I. MALGRÉ UNE CRISE DU POUVOIR D'ACHAT, UNE FORTE BAISSE DES CRÉDITS DE LA MISSION « OUTRE-MER » DANS UN CONTEXTE DE REDRESSEMENT DES FINANCES PUBLIQUES 7

A. UN CONTEXTE SOCIO-ÉCONOMIQUE PARTICULIÈREMENT TENDU DANS CERTAINS TERRITOIRES ULTRAMARINS QU'IL EST IMPÉRATIF DE PRENDRE EN COMPTE 7

B. PROGRAMME 138 - LA NÉCESSITÉ DE MAINTENIR UN SOUTIEN DURABLE AU TISSU ÉCONOMIQUE DES OUTRE-MER 9

C. UNE IMPRESSIONNANTE BAISSE DES CRÉDITS DU PROGRAMME 123 11

II. LOGEMENT EN OUTRE-MER : PRÈS DE HUIT ANS APRÈS LA LOI ÉROM, DES SIGNAUX ENFIN ENCOURAGEANTS NE CACHANT TOUTEFOIS PAS DES RÉSULTATS TRÈS INSUFFISANTS 13

A. UNE POLITIQUE DU LOGEMENT EN OUTRE-MER DONT LES EFFETS PEINENT ENCORE À SE FAIRE SENTIR 13

B. AU-DELÀ DES NÉCESSAIRES CRÉDITS, L'ENGAGEMENT D'ACTEURS NOUVEAUX DU LOGEMENT OUTRE-MER 17

TRAVAUX EN COMMISSION 21

· Audition de M. François-Noël Buffet, ministre auprès du Premier ministre, chargé des outre-mer (Mercredi 20 novembre 2024) 21

· Examen en commission (Mercredi 27 novembre 2024) 36

LISTE DES PERSONNES ENTENDUES 43

LISTE DES CONTRIBUTIONS ÉCRITES 45

LA LOI EN CONSTRUCTION 47

L'ESSENTIEL

La commission des affaires économiques du Sénat, suivant la recommandation de sa rapporteure pour avis, s'est prononcée en faveur des crédits de la mission « Outre-mer » du projet de loi de finances (PLF) pour 2025.

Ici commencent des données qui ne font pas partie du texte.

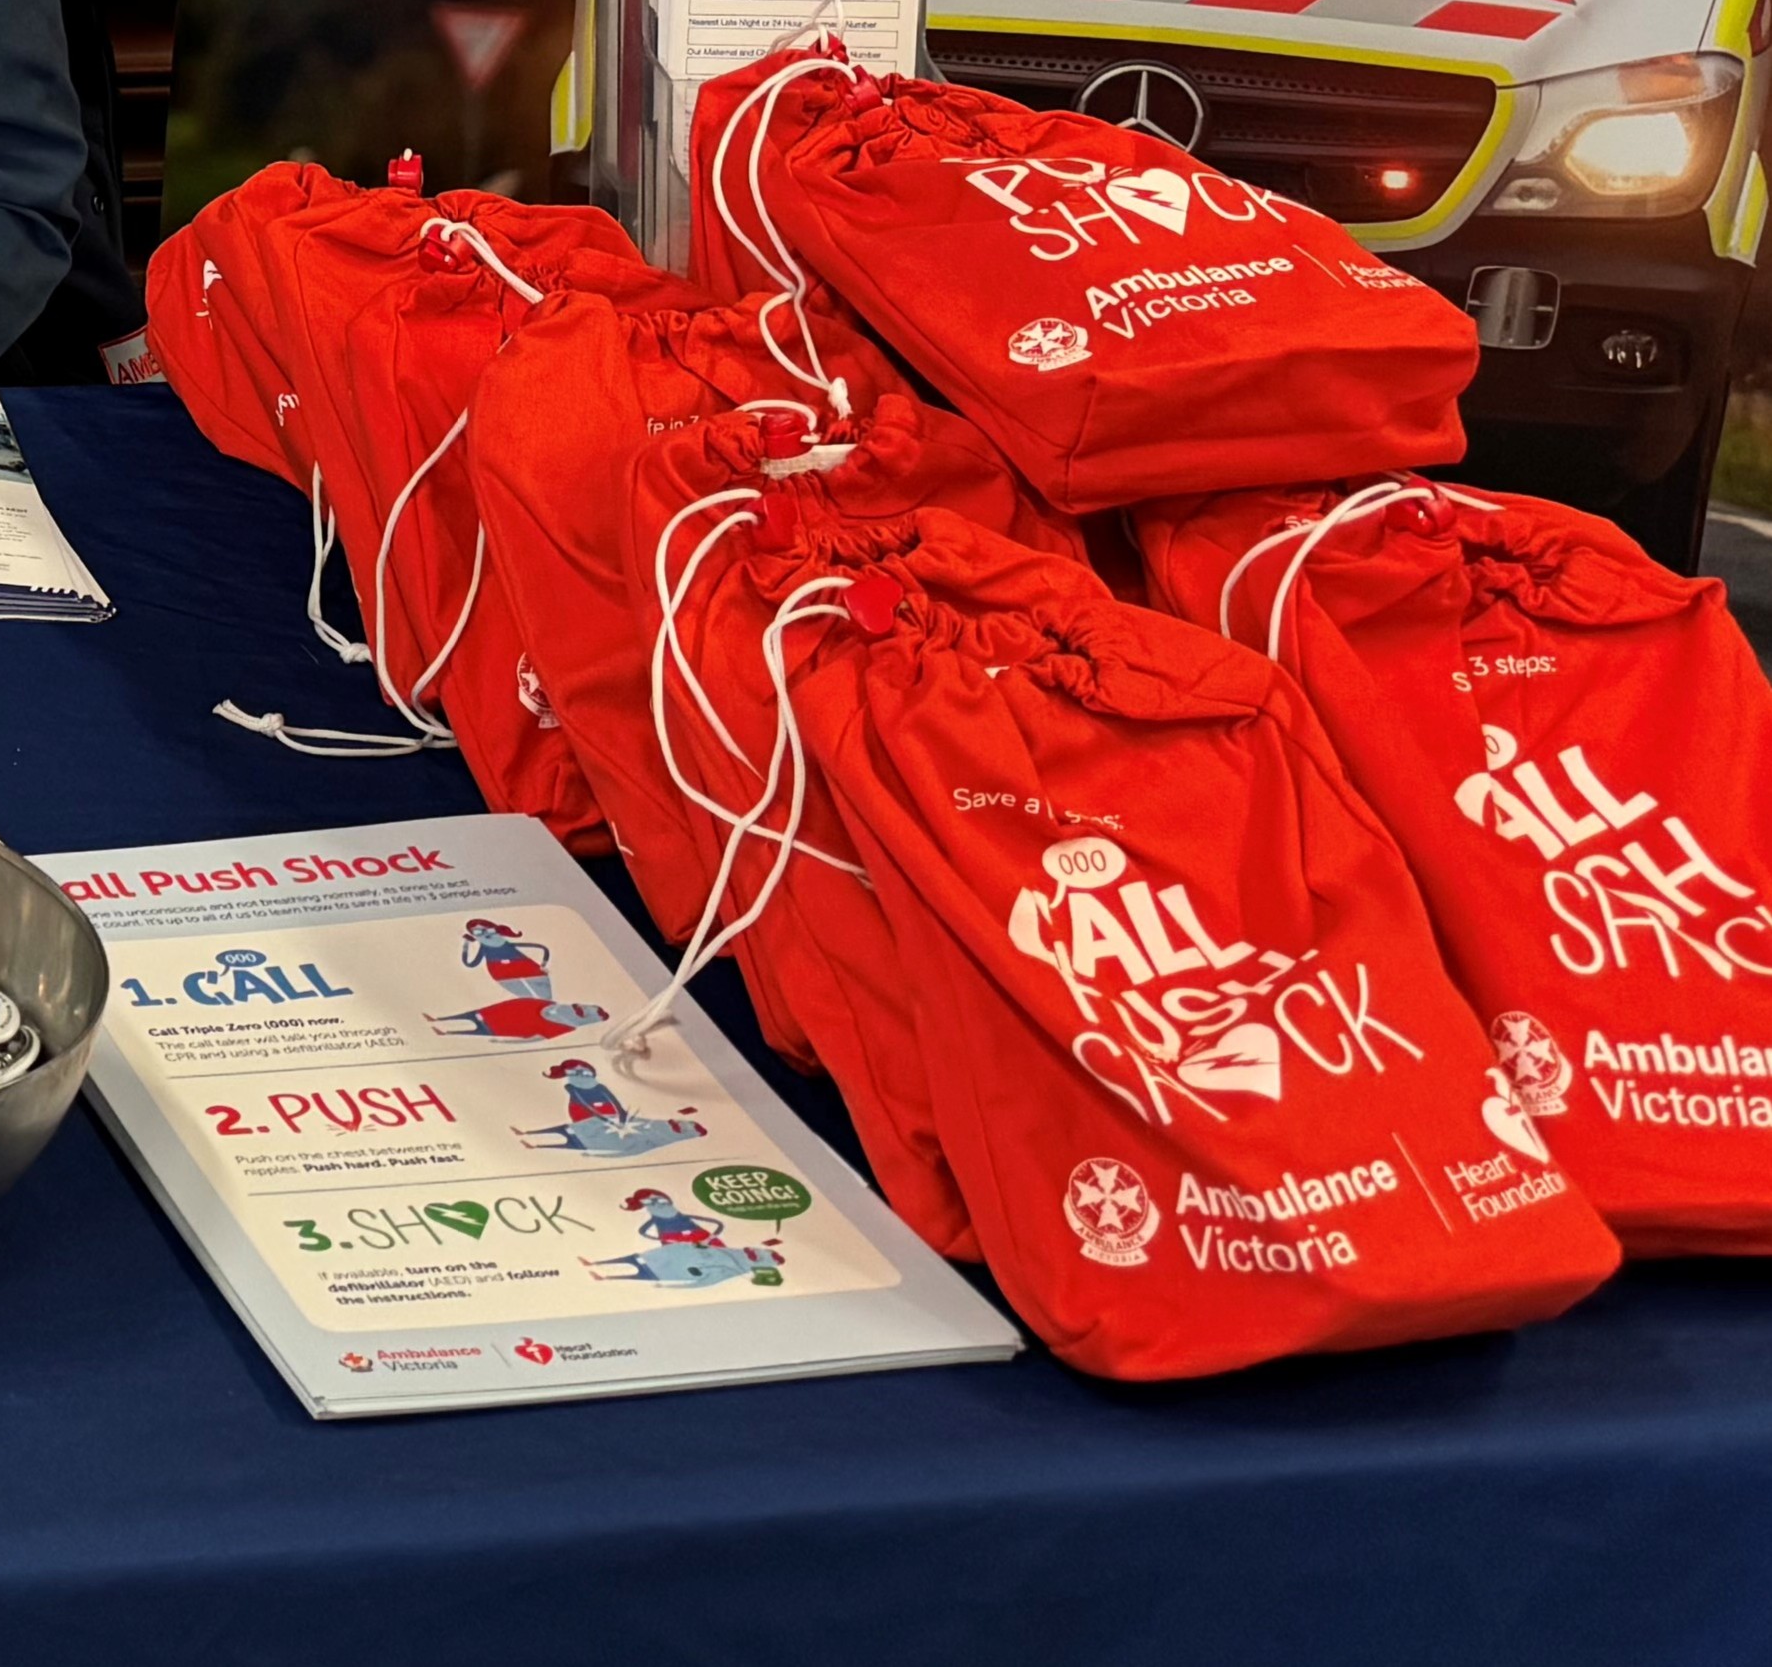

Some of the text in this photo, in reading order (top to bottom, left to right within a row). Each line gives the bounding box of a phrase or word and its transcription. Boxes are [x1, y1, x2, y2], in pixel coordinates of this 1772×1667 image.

[1085, 253, 1295, 319] Ambulance
[1102, 286, 1257, 340] Victoria
[1469, 654, 1557, 678] 3 steps:
[59, 846, 455, 903] all Push Shock
[1058, 848, 1108, 875] 000
[224, 952, 258, 966] 000
[121, 963, 353, 1007] 1. CALL
[148, 1026, 178, 1037] Call
[182, 1023, 224, 1035] Triple
[226, 1021, 262, 1032] Zero
[308, 1016, 345, 1026] now.
[205, 1083, 459, 1136] 2. PUSH
[1589, 1076, 1772, 1128] Victoria
[704, 1174, 768, 1191] KEEP
[1176, 1155, 1399, 1217] Ambulance
[1444, 1150, 1516, 1192] Heart
[709, 1183, 797, 1206] GOING!
[284, 1220, 354, 1252] 3.
[1179, 1223, 1357, 1274] Victoria
[377, 1346, 482, 1362] Ambulance
[382, 1360, 459, 1372] Victoria

Le budget de la mission « Outre-mer » est proposé à hauteur de 2,8 milliards d'euros (Mds€) en autorisations d'engagement (AE) et 2,5 Mds€ en crédits de paiement (CP) pour 2025, en diminution respectivement de 12,5 et 8,9 % par rapport à la loi de finances initiale (LFI) pour 2024.

Ces baisses s'inscrivent dans un contexte d'effort de réduction de la dépense publique, mais aussi et surtout en pleine crise du pouvoir d'achat en Martinique, et plus généralement dans un moment de fortes tensions socio-économiques dans bon nombre de territoires ultramarins. Si la rapporteure pour avis assume et soutient un exercice budgétaire particulièrement complexe, elle partage également les inquiétudes exprimées par de nombreux acteurs, et jusqu'au ministre chargé des outre-mer lui-même, concernant certaines baisses de crédits qui peuvent légitimement interroger. L'heure est à la mobilisation en faveur des outre-mer, même si cette mobilisation ne saurait se résumer à une addition de crédits budgétaires.

Ainsi, la rapporteure a souhaité rappeler l'importance du soutien au tissu économique des outre-mer, alors même que des mesures en projet de loi de financement de la sécurité sociale (PLFSS) et en PLF font craindre son érosion. C'est par l'activité économique que les territoires ultramarins créeront davantage de richesses et donc de prospérité, cette activité doit dès lors continuer à être fortement soutenue, au regard des handicaps structurels auxquels font face ces territoires pour la plupart insulaires. Aussi, la commission a adopté sur proposition de la rapporteure un amendement visant à augmenter les crédits dédiés au « prêt développement outre-mer » (PDOM), outil efficace de soutien aux TPE et PME ultramarines.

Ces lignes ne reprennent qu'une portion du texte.